CA PARIS (pôle 5 ch. 6), 5 novembre 2010
CERCLAB - DOCUMENT N° 2990
CA PARIS (pôle 5 ch. 6), 5 novembre 2010 : RG n° 08/07095
Publication : Jurica
Extrait : « Considérant enfin que la Cour ne saurait apprécier la nature abusive d'une clause dont la teneur ne lui est pas communiquée ni d'en tirer la seule conséquence juridique possible, la nullité subséquente, qui n'est pas sollicitée ».
COUR D’APPEL DE PARIS
PÔLE 5 CHAMBRE 6
ARRÊT DU 5 NOVEMBRE 2010
ÉLÉMENTS D’IDENTIFICATION DE LA DÉCISION (N.X. : Mention ne figurant pas sur l’original)
R.G. n° 08/07095. Décision déférée à la Cour : Jugement du 20 février 2008 -Tribunal de Grande Instance de PARIS , 9ème Chambre 2ème section – R.G. n° 07/12688.
APPELANT :
Monsieur X.,
demeurant [adresse], représenté par la SCP MIRA - BETTAN, avoué à la Cour, assisté de Maître Jean-Luc GUETTA, avocat au barreau de PARIS, toque C 1184
INTIMÉE :
SA BNP PARIBAS,
prise en la personne de ses représentants légaux, représentée par la SCP GUIZARD, avoué à la Cour, assistée de Maître Brigitte GUIZARD, avocat au barreau de PARIS, toque : D0680
COMPOSITION DE LA COUR : En application des dispositions des articles 786 et 910 du Code de procédure civile, l'affaire a été débattue le 6 septembre 2010, en audience publique et les avocats ne s'y étant pas opposés devant Madame Françoise CHANDELON, Conseiller.

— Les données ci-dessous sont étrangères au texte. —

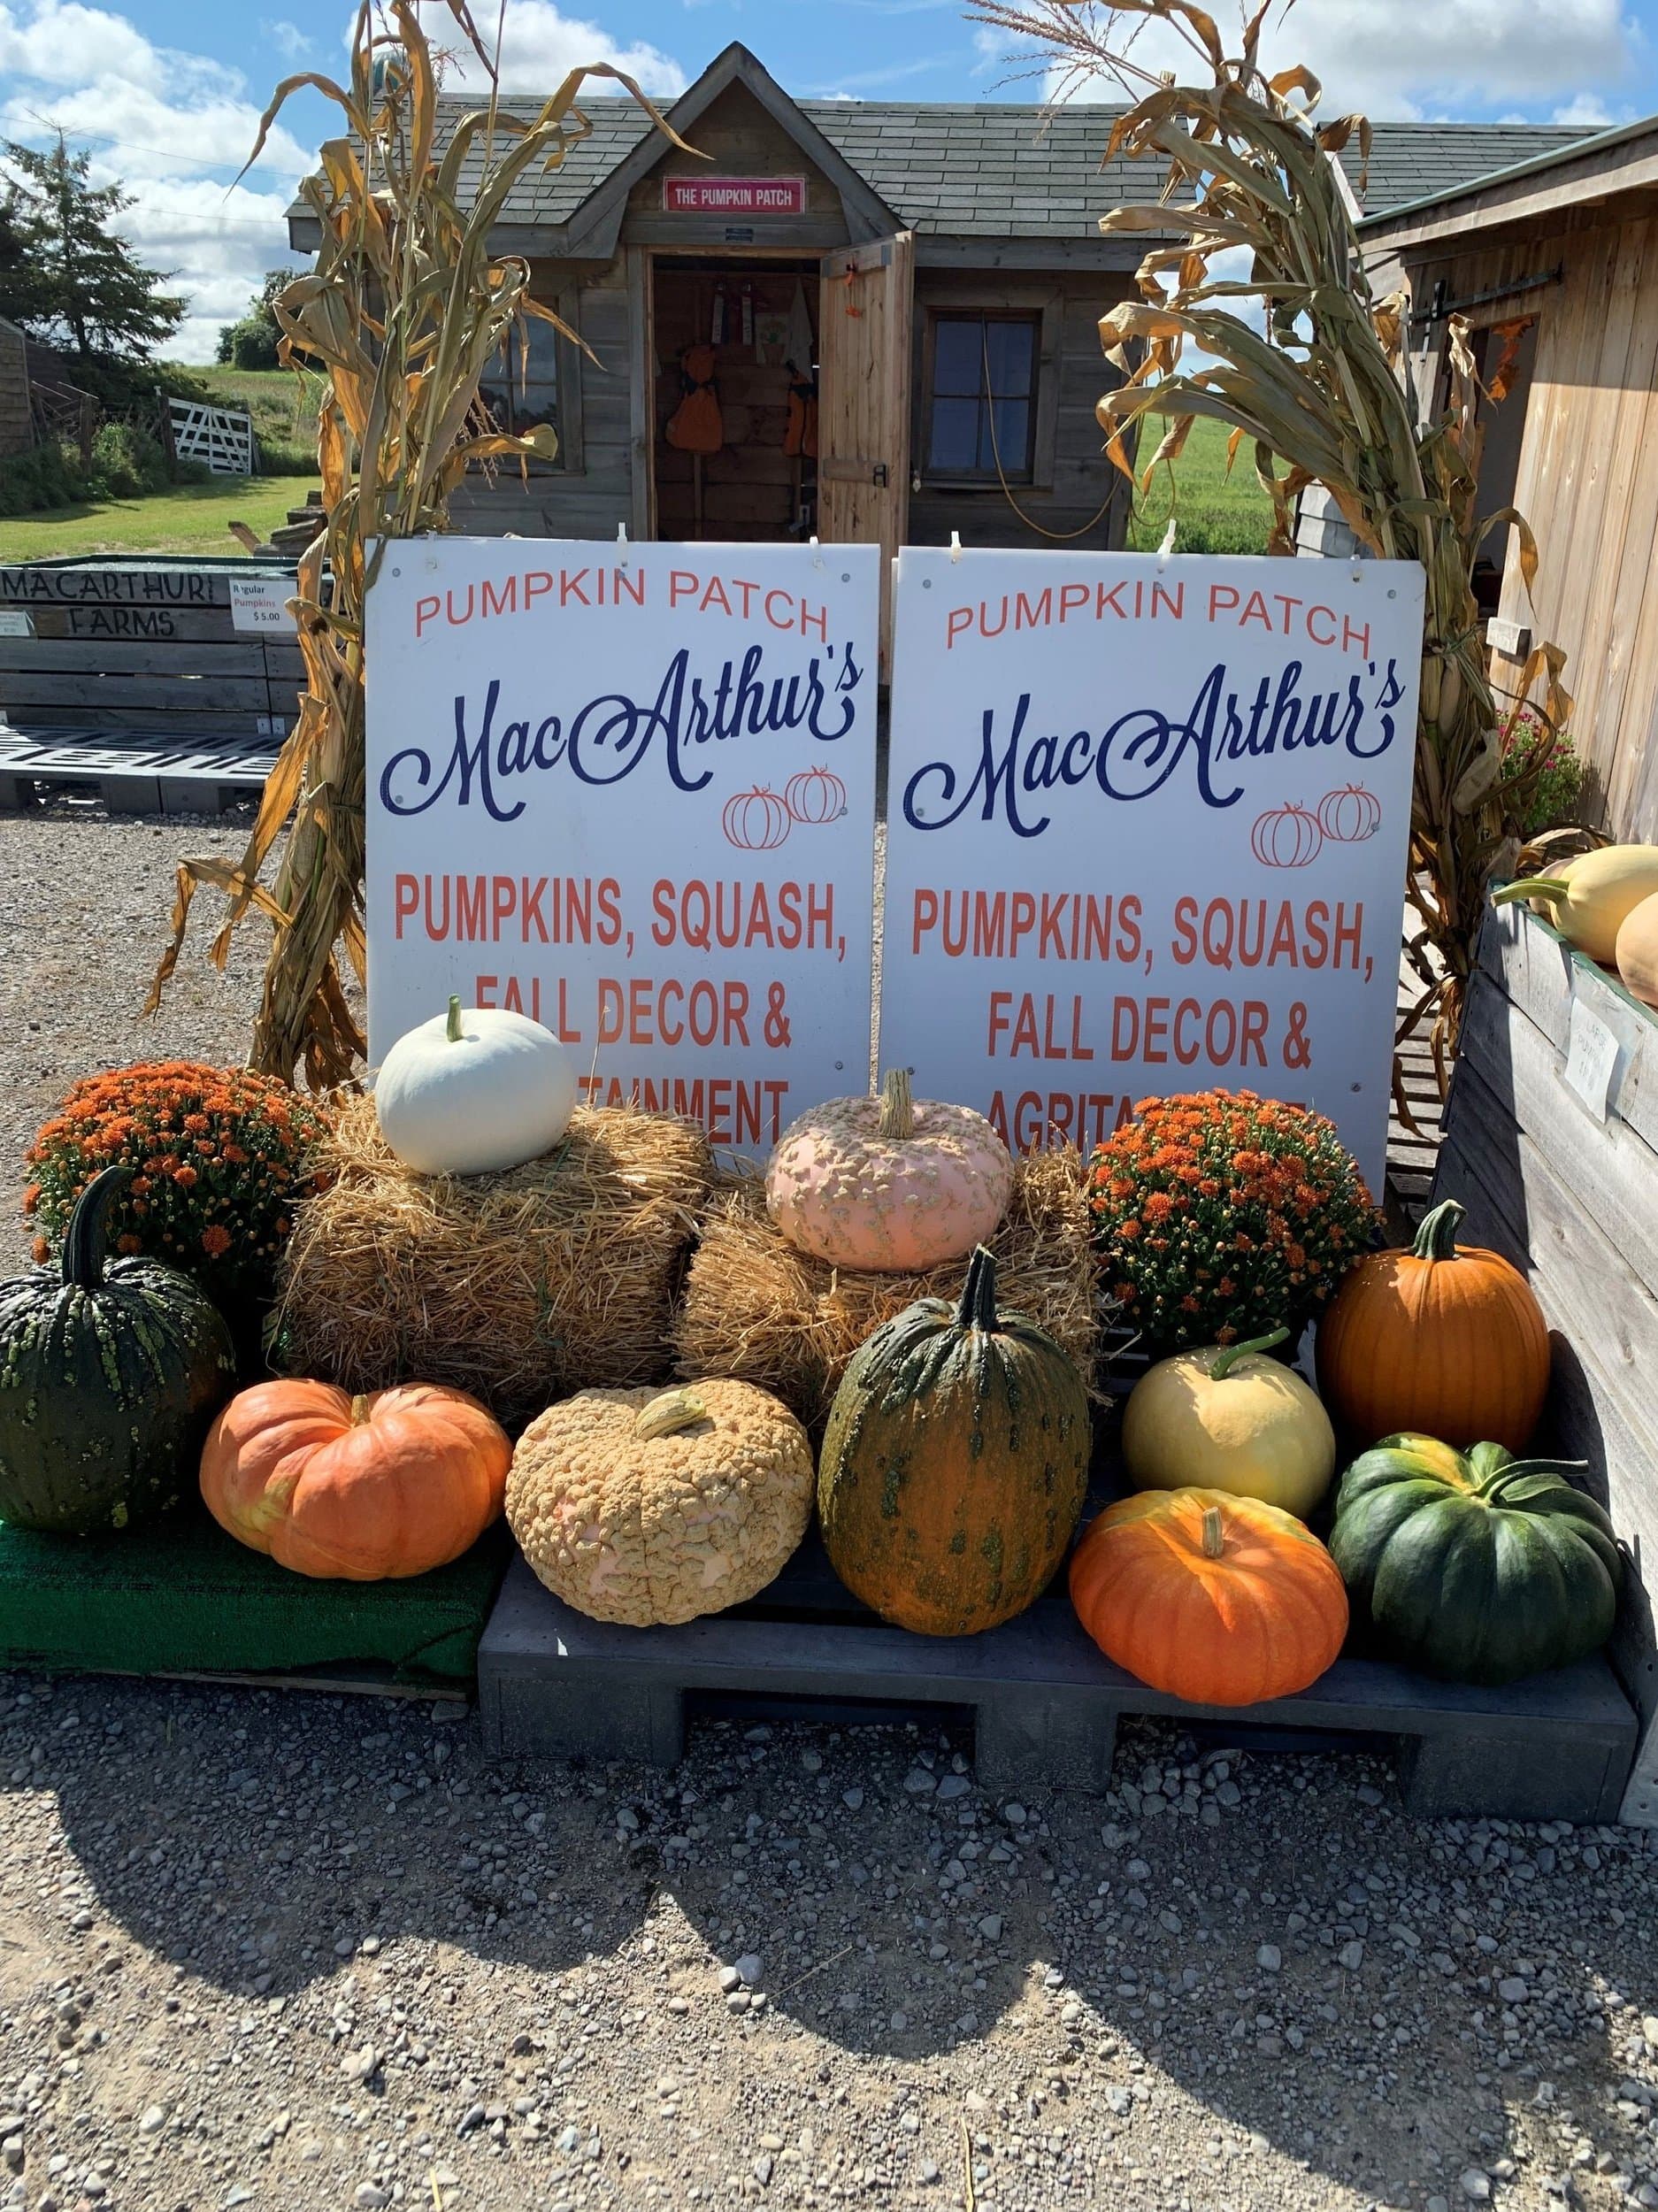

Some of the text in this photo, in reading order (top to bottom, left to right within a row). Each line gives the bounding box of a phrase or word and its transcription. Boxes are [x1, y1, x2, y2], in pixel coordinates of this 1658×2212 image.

[675, 188, 793, 206] THE PUMPKIN PATCH
[69, 607, 174, 637] FARMS
[234, 598, 276, 609] Pumpkins
[416, 568, 827, 643] PUMPKIN PATCH
[947, 580, 1370, 660] PUMPKIN PATCH
[380, 641, 864, 822] MacArthur's
[902, 658, 1408, 839] MacArthur's
[395, 873, 847, 964] PUMPKINS, SQUASH,
[912, 888, 1375, 984] PUMPKINS, SQUASH,
[476, 975, 792, 1048] FALL DECOR &
[987, 991, 1311, 1070] FALL DECOR &

Un rapport a été présenté à l'audience dans les conditions de l’article 785 du Code de Procédure Civile.
Ce magistrat a rendu compte des plaidoiries dans le délibéré de la Cour, composée de : Madame Marie-Claude APELLE, Président, Madame Marie-Josèphe JACOMET, Conseiller, Madame Françoise CHANDELON, Conseiller
GREFFIER LORS DES DÉBATS : Mademoiselle Guénaëlle PRIGENT
ARRÊT : Contradictoire, rendu publiquement par mise à disposition de l'arrêt au greffe de la Cour, les parties en ayant été préalablement avisées dans les conditions prévues au deuxième alinéa de l'article 450 du Code de procédure civile, signé par Madame Marie-Claude APELLE, Président et par Monsieur Sébastien PARESY, Greffier auquel la minute du présent arrêt a été remise par le magistrat signataire.

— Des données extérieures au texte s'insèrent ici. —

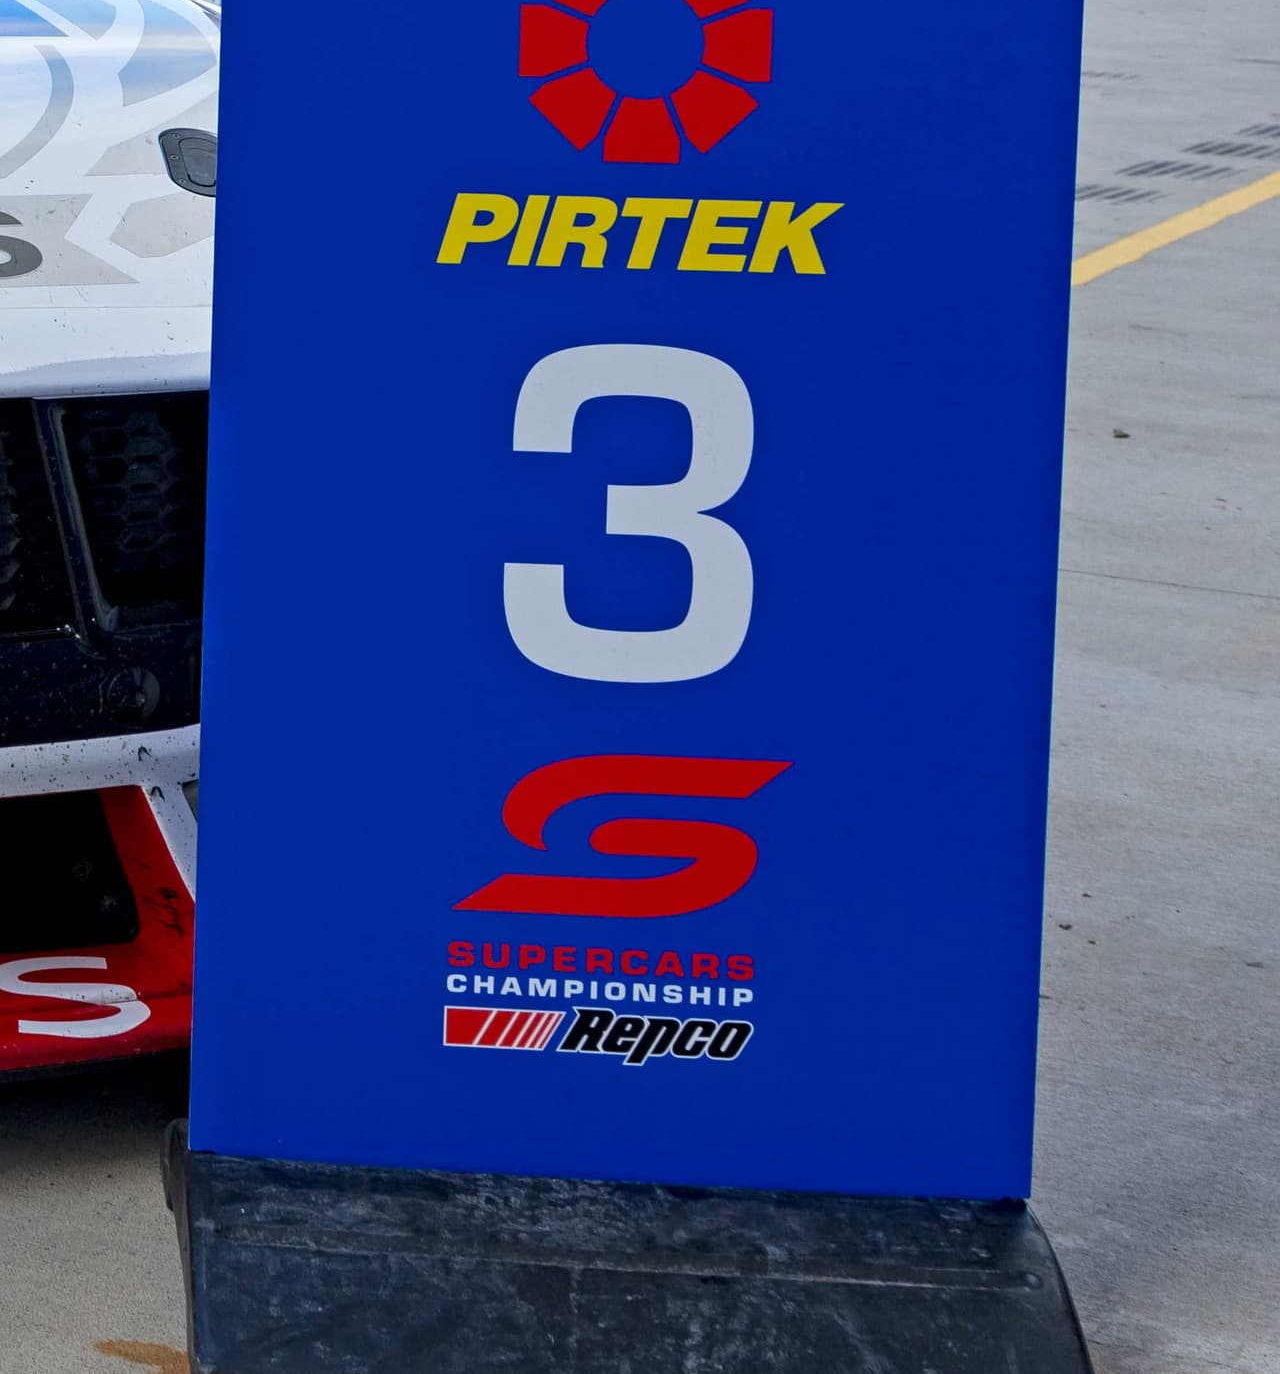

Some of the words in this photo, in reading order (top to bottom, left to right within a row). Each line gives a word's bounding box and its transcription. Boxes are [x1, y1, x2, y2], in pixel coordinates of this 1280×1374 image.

[436, 191, 847, 275] PIRTEK
[501, 342, 755, 684] 3
[445, 972, 756, 1008] CHAMPIONSHIP
[446, 940, 757, 984] SUPERCARS
[559, 1005, 756, 1067] Repco

EXPOSÉ DU LITIGE (N.X. : Mention ne figurant pas sur l’original)
M. X., titulaire d'un compte dans les livres de la société BNP Paribas a obtenu de la banque les concours suivants :
- le 21 octobre 2010, une facilité de caisse d'un montant de 5.000 Francs,
- Le 23 février 2000 un crédit reconstituable, d'un montant de 17.000 Francs dit « Crédit Provisio »,
- le 14 septembre 2004 un prêt personnel de 15.000 euros au taux de 6,04 %, d'une durée de cinq ans, remboursable par mensualités de 290,27 euros,
- le 21 juillet 2005, un second prêt de même nature, montant et durée, au taux de 7,626 % l'an, remboursable par mensualités de 310,22 euros.,
Le solde débiteur du compte courant ne permettant plus le remboursement des échéances des deux prêts à compter du mois de janvier 2006, la société BNP Paribas, après avoir mis en demeure M. X. de régulariser la situation par courriers recommandés des 24 janvier, 1er, 8 et 23 février, 1er mars 2006, a procédé, le 2 mai 2006, à la clôture du compte et résilié, par courriers séparés du même jour, les contrats de prêts.
Après avoir sollicité, par courriers de son conseil en date du 16 mai 2006, un délai de deux mois pour rembourser les sommes dues puis réclamé sans succès la réouverture de son compte le 20 juillet suivant, M. X. a engagé la présente procédure par exploit du 11 septembre 2006.
Par jugement du 20 février 2008, le tribunal de grande instance de Paris l'a débouté de ses demandes et condamné au paiement d'une indemnité de 1.500 euros sur le fondement de l’article 700 du Code de procédure civile.
Par déclaration du 8 avril 2008, M. X. a interjeté appel de cette décision.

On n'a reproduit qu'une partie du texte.